Bill G: I think it’s funny that up here in RI even the Congregationalists (whose ancestors surely didn’t look with favor on either saints or blessing anything) have a St Francis Blessing of the Animals.

Bill Ghrist

I suspect that our parish (St. Andrew’s, Pittsburgh) is by no means the only one that holds a blessing of the animals on or around the feast day of St. Francis (in a joint celebration with St. Andrew Lutheran).

Clint Davis

The Zoroastrians have been including their domestic animals in their prayers for thousands of years now, and the Gatha traditionally considered the oldest and first of Zarathustra’s divine songs is from the Cow’s perspective, wondering why all this pillaging and plundering is going on, and asks how can it be stopped. The Cow not only represents the domestic space but also the whole creation.
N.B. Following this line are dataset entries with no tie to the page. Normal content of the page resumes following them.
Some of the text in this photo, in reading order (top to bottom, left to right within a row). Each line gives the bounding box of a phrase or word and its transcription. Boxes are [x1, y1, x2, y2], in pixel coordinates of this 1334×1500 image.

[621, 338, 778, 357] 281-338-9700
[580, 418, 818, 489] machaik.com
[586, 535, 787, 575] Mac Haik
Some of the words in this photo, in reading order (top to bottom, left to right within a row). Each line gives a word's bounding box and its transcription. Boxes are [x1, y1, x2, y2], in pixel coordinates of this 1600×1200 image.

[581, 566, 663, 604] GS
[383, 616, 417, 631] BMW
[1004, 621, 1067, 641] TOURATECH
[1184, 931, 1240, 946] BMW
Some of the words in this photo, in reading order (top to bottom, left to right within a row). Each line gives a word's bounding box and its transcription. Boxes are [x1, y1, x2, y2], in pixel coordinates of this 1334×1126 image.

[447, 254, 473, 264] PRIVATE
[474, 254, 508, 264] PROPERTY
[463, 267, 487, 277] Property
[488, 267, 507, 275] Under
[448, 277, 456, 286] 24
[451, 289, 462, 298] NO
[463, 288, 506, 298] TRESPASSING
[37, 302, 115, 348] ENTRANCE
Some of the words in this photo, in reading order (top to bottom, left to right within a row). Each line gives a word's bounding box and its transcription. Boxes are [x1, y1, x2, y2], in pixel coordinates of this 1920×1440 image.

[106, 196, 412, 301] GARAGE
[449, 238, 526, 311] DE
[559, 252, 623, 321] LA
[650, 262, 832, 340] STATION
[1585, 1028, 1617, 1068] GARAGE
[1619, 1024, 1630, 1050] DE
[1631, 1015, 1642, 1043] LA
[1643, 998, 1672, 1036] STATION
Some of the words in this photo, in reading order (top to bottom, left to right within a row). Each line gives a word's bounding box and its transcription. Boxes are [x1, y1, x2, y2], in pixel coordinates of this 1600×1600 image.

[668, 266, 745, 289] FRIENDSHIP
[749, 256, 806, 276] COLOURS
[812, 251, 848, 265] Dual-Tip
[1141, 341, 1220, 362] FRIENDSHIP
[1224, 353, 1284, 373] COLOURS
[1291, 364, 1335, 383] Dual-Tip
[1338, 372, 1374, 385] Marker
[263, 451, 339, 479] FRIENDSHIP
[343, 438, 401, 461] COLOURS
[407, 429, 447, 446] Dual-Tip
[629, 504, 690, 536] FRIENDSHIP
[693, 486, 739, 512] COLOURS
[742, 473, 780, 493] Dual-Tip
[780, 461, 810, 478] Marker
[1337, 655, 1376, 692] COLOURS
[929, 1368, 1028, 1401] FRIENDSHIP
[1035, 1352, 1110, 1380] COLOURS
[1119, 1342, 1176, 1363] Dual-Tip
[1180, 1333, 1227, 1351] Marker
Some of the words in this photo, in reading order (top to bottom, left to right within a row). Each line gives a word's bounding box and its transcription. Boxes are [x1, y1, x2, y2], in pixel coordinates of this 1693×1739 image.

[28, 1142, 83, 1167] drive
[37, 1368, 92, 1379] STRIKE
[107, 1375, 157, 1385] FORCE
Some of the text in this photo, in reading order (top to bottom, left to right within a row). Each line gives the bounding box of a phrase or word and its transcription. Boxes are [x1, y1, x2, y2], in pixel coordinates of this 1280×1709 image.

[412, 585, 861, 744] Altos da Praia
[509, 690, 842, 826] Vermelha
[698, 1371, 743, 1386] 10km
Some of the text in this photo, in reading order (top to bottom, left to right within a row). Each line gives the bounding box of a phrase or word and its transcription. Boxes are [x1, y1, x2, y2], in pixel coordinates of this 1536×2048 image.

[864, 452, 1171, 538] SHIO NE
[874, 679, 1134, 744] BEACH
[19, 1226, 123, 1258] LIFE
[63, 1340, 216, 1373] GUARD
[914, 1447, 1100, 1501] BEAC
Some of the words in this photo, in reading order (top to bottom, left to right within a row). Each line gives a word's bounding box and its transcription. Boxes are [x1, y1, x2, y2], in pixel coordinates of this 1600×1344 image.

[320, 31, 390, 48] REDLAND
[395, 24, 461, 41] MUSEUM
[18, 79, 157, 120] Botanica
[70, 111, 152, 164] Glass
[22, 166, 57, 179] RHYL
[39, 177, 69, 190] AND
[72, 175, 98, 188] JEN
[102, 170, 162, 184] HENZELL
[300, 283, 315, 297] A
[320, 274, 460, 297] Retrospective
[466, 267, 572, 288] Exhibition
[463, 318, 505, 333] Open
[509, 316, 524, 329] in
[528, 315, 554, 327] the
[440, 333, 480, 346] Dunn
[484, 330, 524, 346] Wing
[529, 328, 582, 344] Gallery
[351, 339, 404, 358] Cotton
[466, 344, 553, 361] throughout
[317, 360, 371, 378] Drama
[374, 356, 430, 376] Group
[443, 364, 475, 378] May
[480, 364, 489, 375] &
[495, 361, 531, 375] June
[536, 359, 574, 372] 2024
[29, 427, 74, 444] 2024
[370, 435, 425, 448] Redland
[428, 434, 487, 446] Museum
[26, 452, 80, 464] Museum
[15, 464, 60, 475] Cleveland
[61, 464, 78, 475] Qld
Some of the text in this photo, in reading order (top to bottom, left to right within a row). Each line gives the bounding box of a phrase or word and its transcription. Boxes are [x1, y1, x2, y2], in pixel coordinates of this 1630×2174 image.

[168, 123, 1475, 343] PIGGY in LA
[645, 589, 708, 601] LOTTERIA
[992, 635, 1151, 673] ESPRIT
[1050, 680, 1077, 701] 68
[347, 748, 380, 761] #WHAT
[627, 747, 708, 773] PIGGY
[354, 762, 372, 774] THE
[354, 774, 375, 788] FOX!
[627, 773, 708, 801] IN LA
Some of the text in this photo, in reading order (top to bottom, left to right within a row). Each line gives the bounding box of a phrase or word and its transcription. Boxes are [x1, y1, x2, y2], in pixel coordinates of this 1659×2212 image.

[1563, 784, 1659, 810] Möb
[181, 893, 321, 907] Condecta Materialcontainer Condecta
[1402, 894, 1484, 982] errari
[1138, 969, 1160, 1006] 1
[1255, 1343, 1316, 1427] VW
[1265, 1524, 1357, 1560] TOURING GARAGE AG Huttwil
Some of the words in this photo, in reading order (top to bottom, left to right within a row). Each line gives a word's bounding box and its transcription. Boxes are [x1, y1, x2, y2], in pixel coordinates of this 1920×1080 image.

Chew on that cud, y’all.

Sara Miles

Or, as the extensive prayers for everything from childbirth to space travel in the Manual for Priests, published first in 1944 by the Episcopal monks of the Society of St. John the Evangelist, then revised in 1978, explain: our prayers are offered in order to “bear witness to the sovereignty of God: that he rules over the whole of life from birth to death, and that no concern of his children can be unimportant in his sight; there is no area of life from which God is shut out.”

Bill Dilworth

This reminded me of a passage from Bishop Kallistos Ware’s _The Orthodox Church_:

“The Orthodox Church also employs a great number of minor blessings, and these, too, are of a sacramental nature: blessings of corn, wine, and oil; of fruits, fields, and homes; of any object or element. These lesser blessings and services are often very practical and prosaic: there are prayers for blessing a car or a railway engine, or for clearing a place of vermin (‘The popular religion of Eastern Europe is liturgical and ritualistic, but not wholly otherworldly. A religion that continues to propagate new forms for cursing caterpillars and for removing dead rats from the bottoms of wells can hardly be dismissed as pure mysticism’ (G. Every, The Byzantine Patriarchate, first edition, p. 198)) Between the wider and the narrower sense of the term ‘sacrament’ there is no rigid division: the whole Christian life must be seen as a unity, as a single mystery or one great sacrament, whose different aspects are expressed in a great variety of acts, some performed but once in a man’s life, others perhaps daily.”